Die Antworten der Bundesregierung auf eine parlamentarische Anfrage zu Maßnahmen des Bundes gegen sogenannte „Desinformation“ geraten zu einem Offenbarungseid. Aus den Antworten ergibt sich unter anderem, dass die Bundesregierung auf Grundlage einer höchst fragwürdigen Definition die Finanzierung für Projekte mit Schwerpunkt „Desinformation“ in einem gigantischen Ausmaß gesteigert hat. Gefragt nach konkreten und aktuellen Fällen von „Desinformationskampagnen“, zeigt sich die Bundesregierung noch nackter als im Falle jenes Kaisers im legendären Märchen von Hans Christian Andersen.

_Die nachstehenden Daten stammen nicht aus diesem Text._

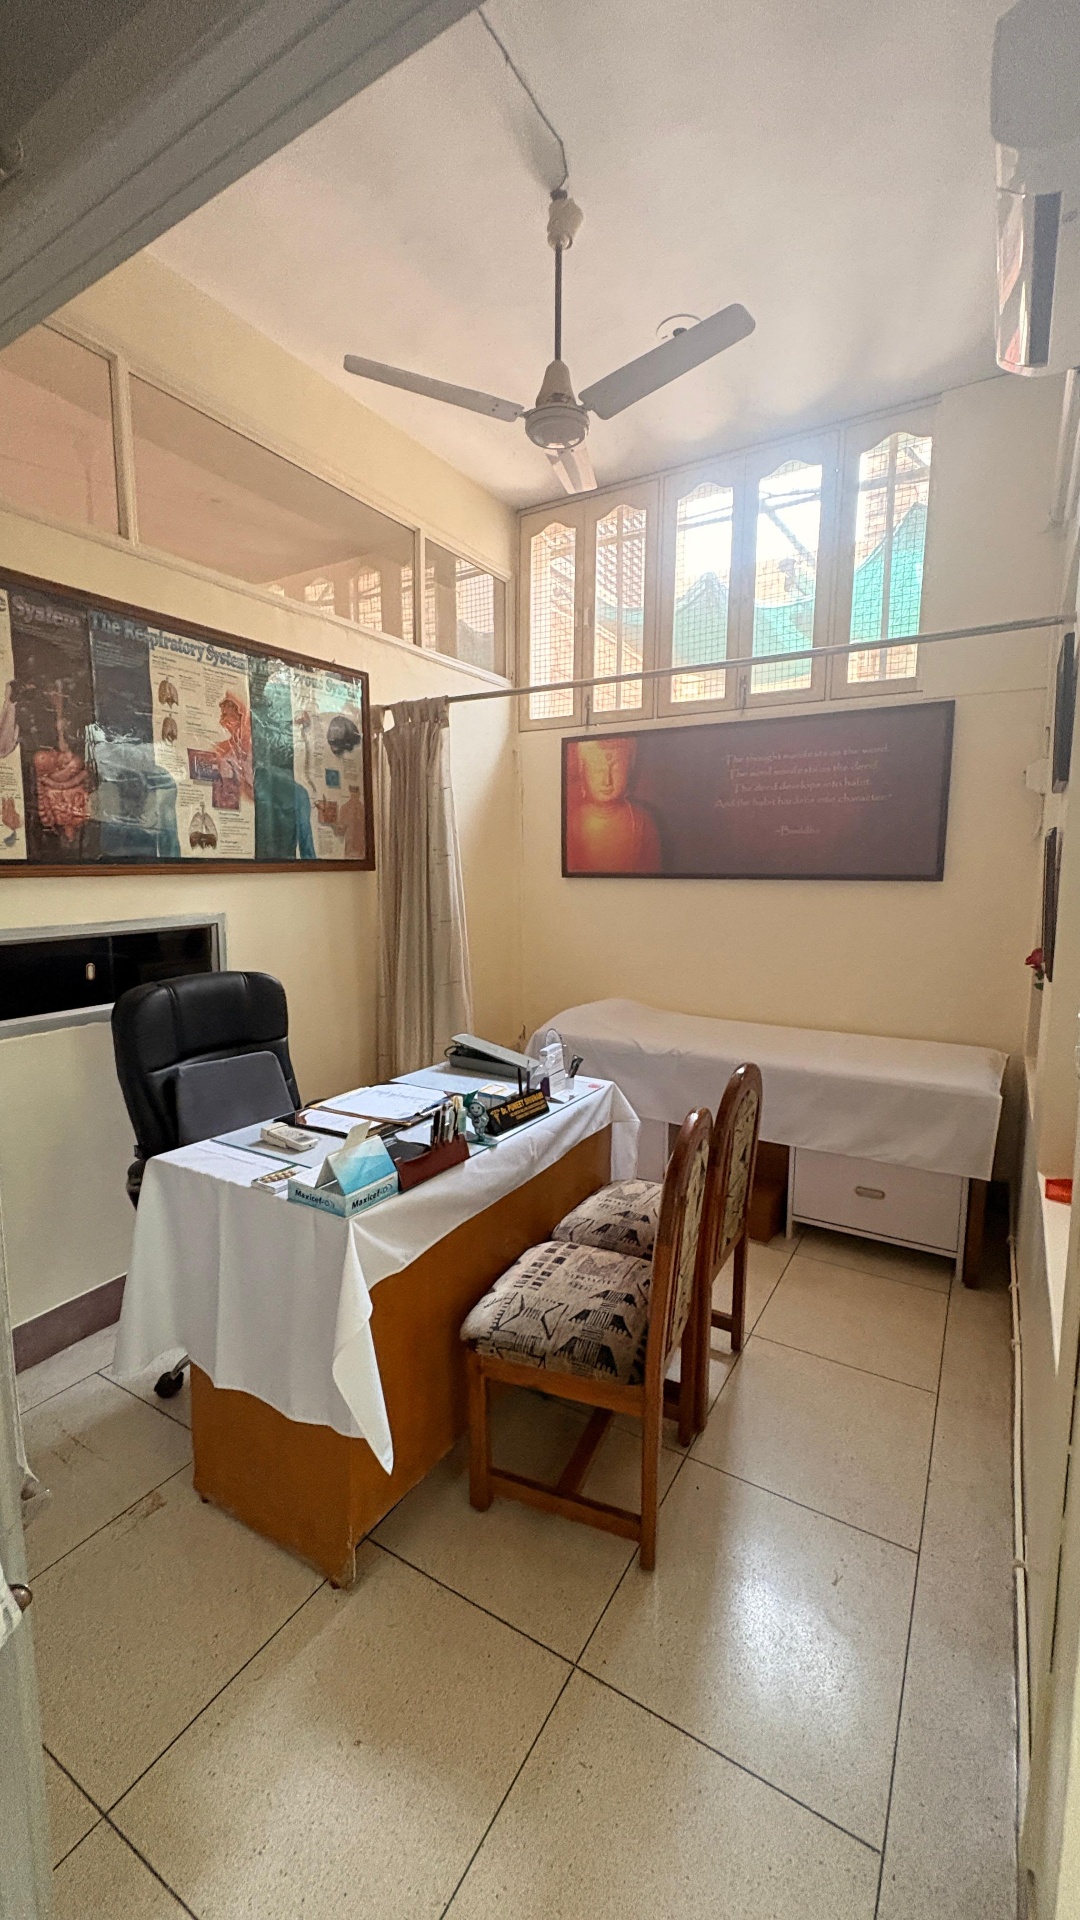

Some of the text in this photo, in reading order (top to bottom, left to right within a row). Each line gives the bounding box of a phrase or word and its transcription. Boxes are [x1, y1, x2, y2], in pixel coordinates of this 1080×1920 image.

Von Florian Warweg.
Unter dem Titel „Desinformation – Politische Zielsetzungen und Maßnahmen der Bundesregierung im digitalen Meinungskampf“ hat die AfD-Fraktion, initiiert vom Büro des Bundestagsabgeordneten Martin Renner, der Bundesregierung insgesamt 37 Fragen zu dem Themenkomplex gestellt. Darunter sind Fragen nach der offiziellen Definition, finanziellen Aufwendungen und konkreten Beispielen von Desinformationskampagnen. In der Vorbemerkung zur Anfrage erklären die Autoren, dass diese klären soll, „wie die neue Bundesregierung unter Bundeskanzler Friedrich Merz das Thema Desinformation bewertet“.
Sie verweisen in diesem Zusammenhang auf „die grundsätzliche Frage der Verhältnismäßigkeit der staatlichen Maßnahmen“ und die Gefahr, dass das Thema Desinformation vor allem als Vorwand diene, „um in die öffentliche Debatte einzugreifen und unbequeme Meinungsäußerungen gezielt zu delegitimieren“.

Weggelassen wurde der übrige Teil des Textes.